Exela Litigation. On January 7, 2020, Exela filed a complaint against us and our subsidiary, Avadel Legacy, in the United States District for the District of Delaware. The complaint alleges infringement of a certain Exela patent related to its cysteine hydrochloride product. Exela is most notably seeking i) a declaratory judgment that the Nouress product infringes its patent, ii) an injunction (both preliminary and permanent) precluding the launch of Nouress, and iii) monetary damages (including enhanced damages, prejudgment interest and attorneys’ fees) in the event Nouress is commercially launched and found to infringe Exela’s patent. The current deadline for Avadel to respond to Exela’s complaint is May 29, 2020.
Material Commitments
Other than commitments disclosed in Note 16: Contingent Liabilities and Commitments to the Company’s audited consolidated financial statements included in Part II, Item 8 of the Company’s 2019 Annual Report on Form 10-K, there were no other material commitments outside of the normal course of business. Material commitments in the normal course of business include long-term debt obligations which are disclosed in Note 10: Long-Term Debt and long-term contingent consideration payable as disclosed in Note 9: Contingent Consideration Payable, to the Company’s unaudited condensed consolidated financial statements included in Part I, Item 1 of this report.
Guarantees
Deerfield Guarantee
The fair values of our guarantee to Deerfield and the guarantee received by us from Armistice largely offset and when combined are not material.
In connection with our February 2018 divestiture of our pediatric assets, we have guaranteed to Deerfield the quarterly royalty payment of 15% on net sales of the FSC products through February 6, 2026 (“FSC Product Royalties”), in an aggregate amount of up to approximately $10,300. Given our explicit guarantee to Deerfield, the Company recorded the guarantee in accordance with ASC 460. The balance of this guarantee liability was $1,713 at March 31, 2020. This liability is being amortized proportionately based on undiscounted cash outflows through the remainder of the contract with Deerfield.
Armistice Guarantee
In connection with our February 2018 divestiture of the pediatric assets, Armistice Capital Master Fund, Ltd., the majority shareholder of Cerecor, guaranteed to us the FSC Product Royalties.
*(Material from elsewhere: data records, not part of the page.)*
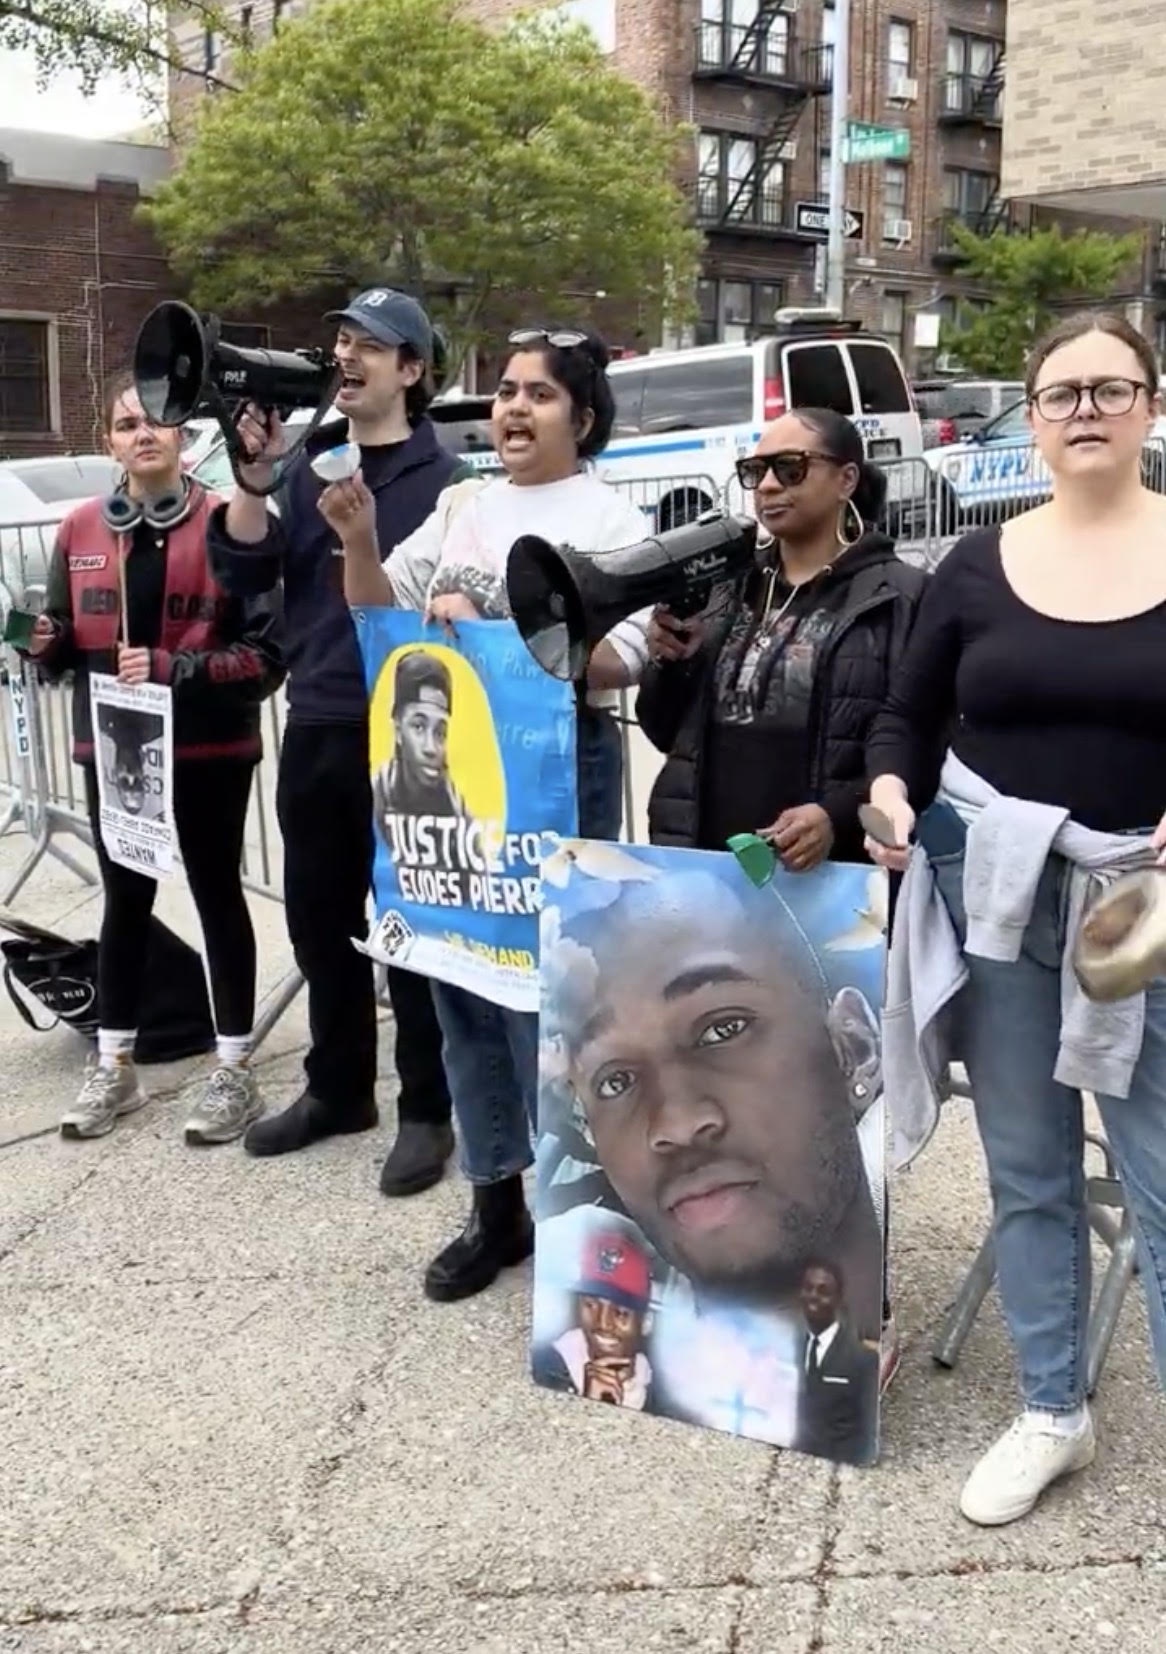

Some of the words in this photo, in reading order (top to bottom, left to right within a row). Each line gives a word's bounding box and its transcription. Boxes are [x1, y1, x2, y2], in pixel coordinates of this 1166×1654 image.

[805, 213, 826, 226] ONE
[970, 452, 1030, 483] NYPD
[11, 679, 30, 753] NYPD
[385, 814, 506, 873] JUSTICE
[399, 867, 463, 907] EUDES
[469, 874, 546, 915] PIERR
The Company recorded the guarantee in accordance with ASC 460. The balance of this guarantee asset was $1,708 at March 31, 2020. This liability is being amortized proportionately based on undiscounted cash outflows through the remainder of the contract with Deerfield.
Off-Balance Sheet Arrangements
As of March 31, 2020, we did not have any off-balance sheet arrangements, as defined in Item 303(a)(4)(ii) of Regulation S-K.
NOTE 19: Subsequent Events
May 2020 Public Offering
On April 28, 2020, we announced the pricing of an underwritten public offering of 11,630 ordinary shares, in the form of ADSs at a price to the public of $10.75 per ADS. Each ADS represents the right to receive one ordinary share. The gross proceeds to us from the offering were approximately $125,000, before deducting underwriting discounts and commissions and estimated offering expenses.
In connection with the public offering, we granted the underwriters a 30-day option to purchase up to an additional 1,745 ADSs at the public offering price less the underwriting discounts and commissions. The offering closed on May 1, 2020.